WHAT THE TASK REQUIRES: Please output the records below word for word and omit the pictures.

DATA RECORDS:
● ● ● ● ●

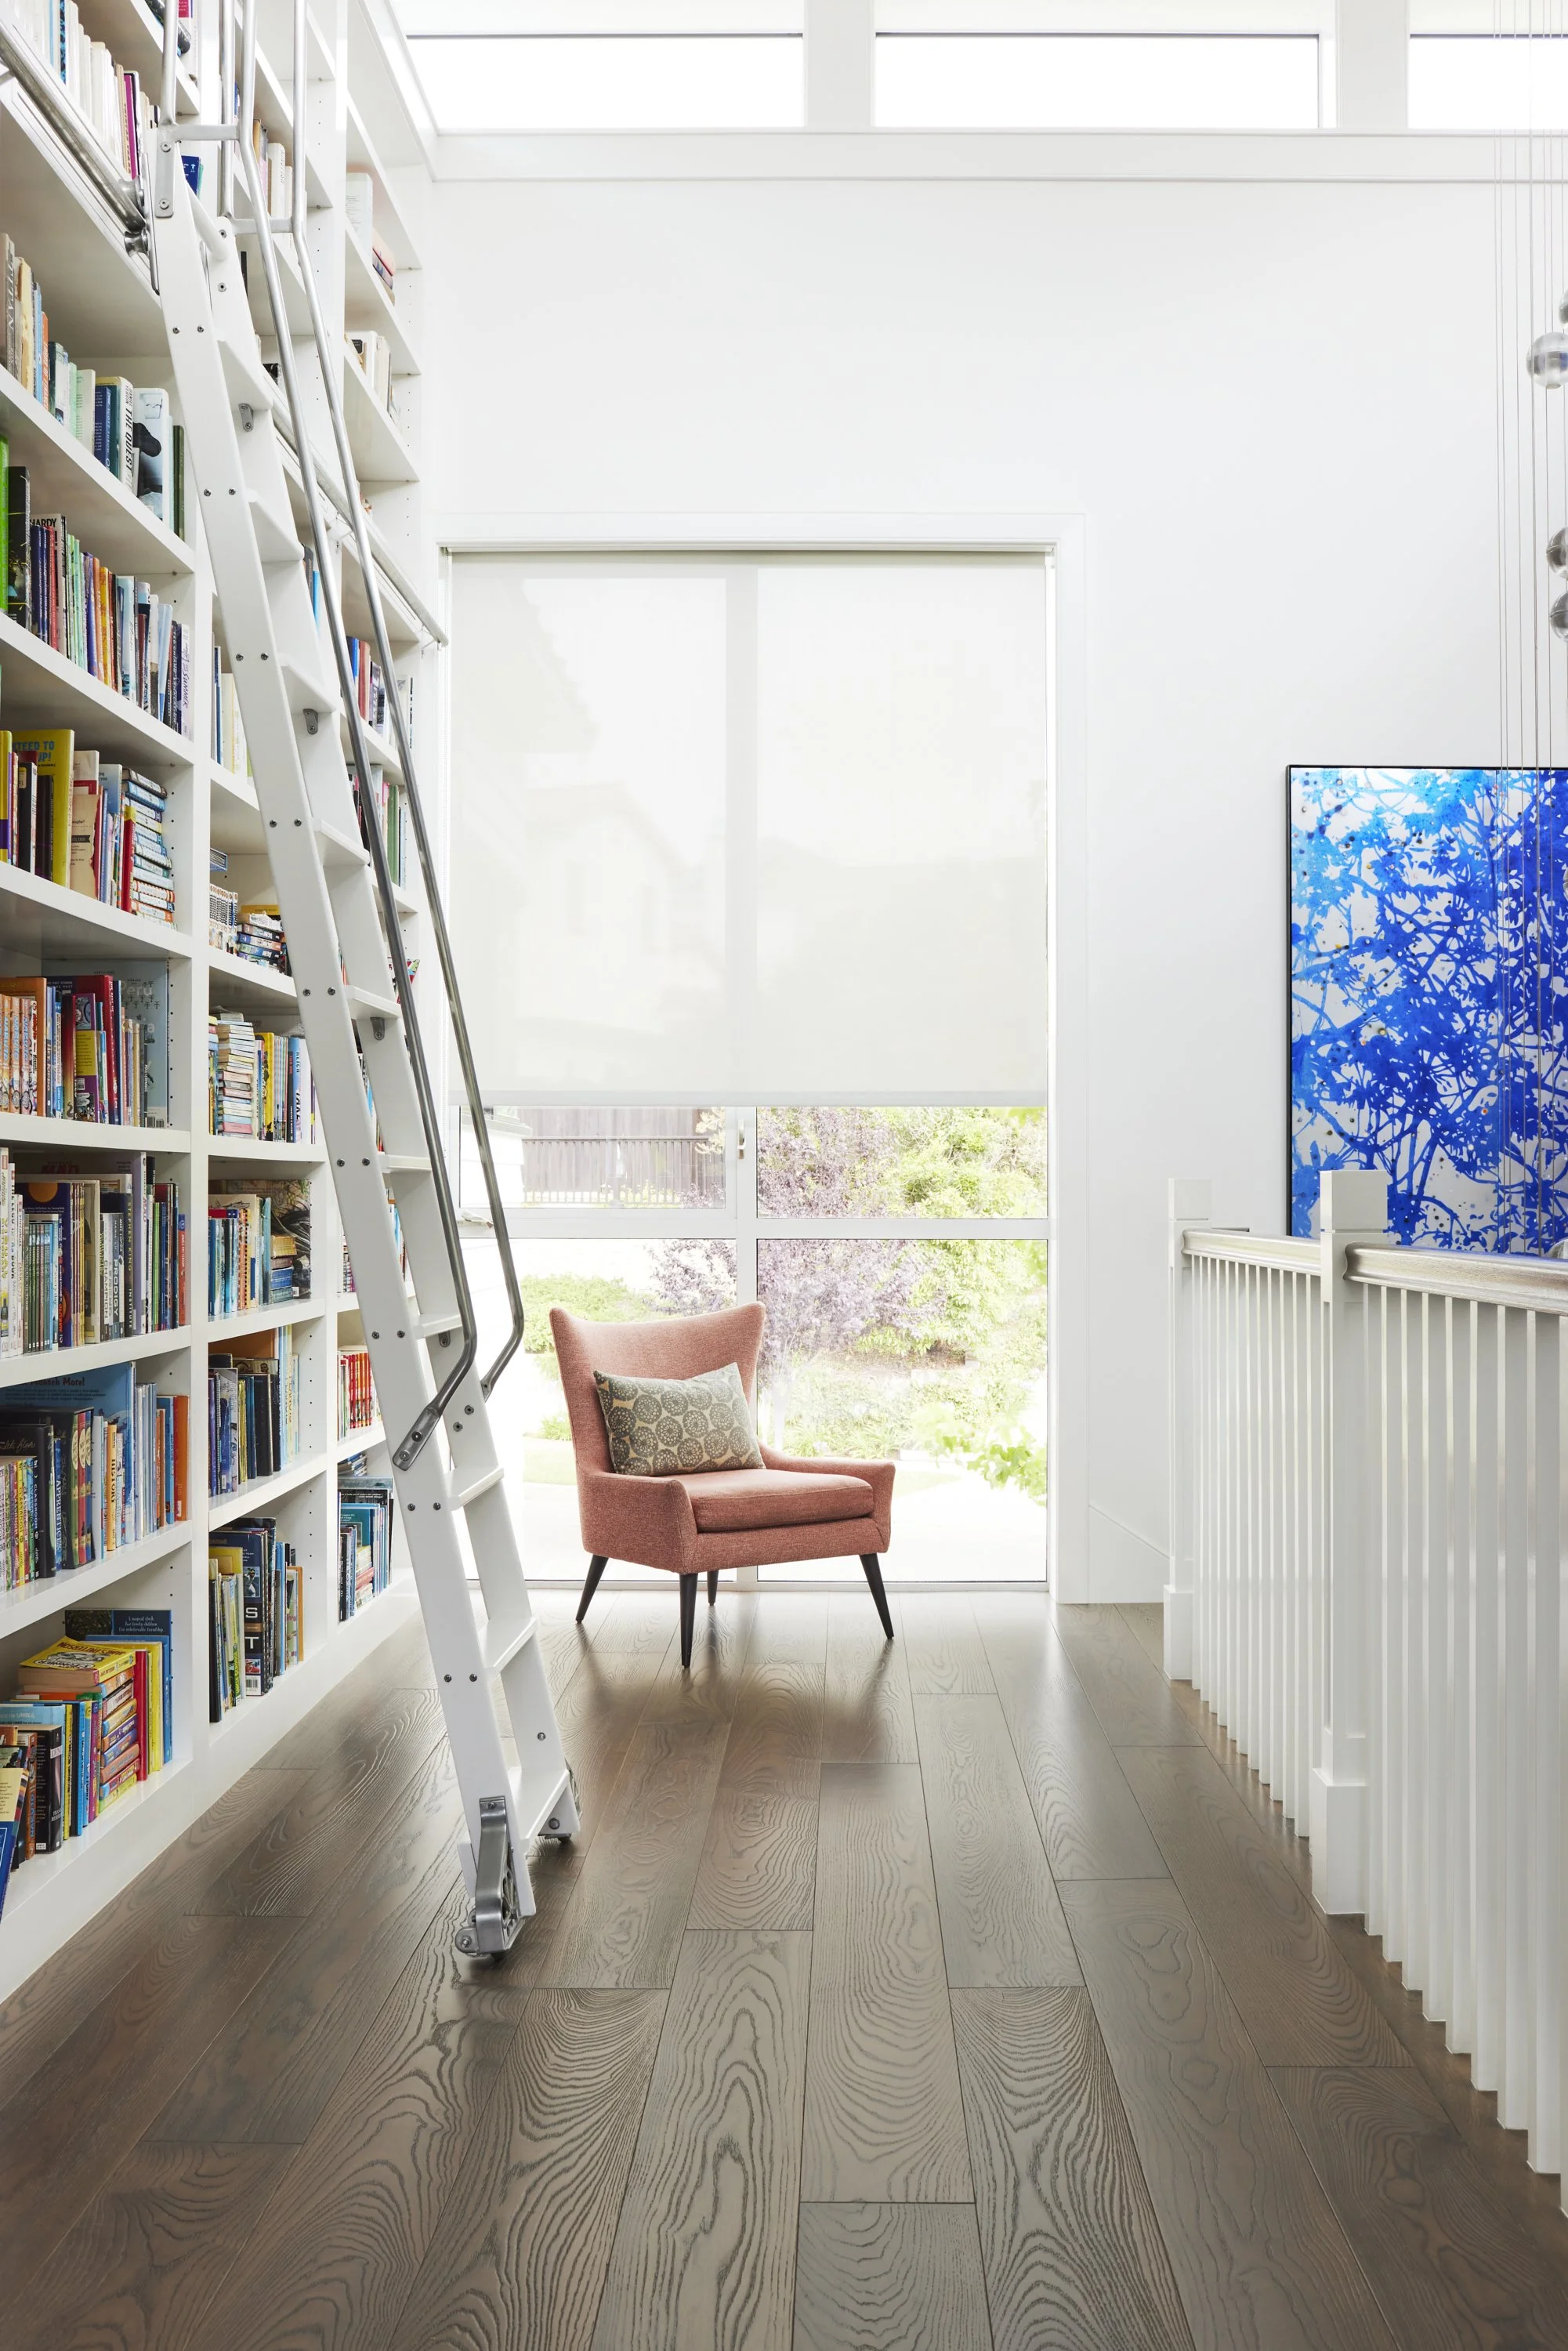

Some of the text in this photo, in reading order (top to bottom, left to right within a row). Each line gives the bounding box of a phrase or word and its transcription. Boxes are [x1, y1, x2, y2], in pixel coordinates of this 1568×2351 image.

[30, 518, 57, 528] HARDY
[44, 741, 55, 750] TO
[121, 981, 153, 996] Peru
[63, 1377, 85, 1386] More!
[56, 1642, 100, 1654] PATTERSON

● ● ● ● ●

TASK ANSWER:
Some of the text in this photo, in reading order (top to bottom, left to right within a row). Each line gives the bounding box of a phrase or word and its transcription. Boxes are [x1, y1, x2, y2], in pixel coordinates of this 1568×2351 image.

[30, 518, 57, 528] HARDY
[44, 741, 55, 750] TO
[121, 981, 153, 996] Peru
[63, 1377, 85, 1386] More!
[56, 1642, 100, 1654] PATTERSON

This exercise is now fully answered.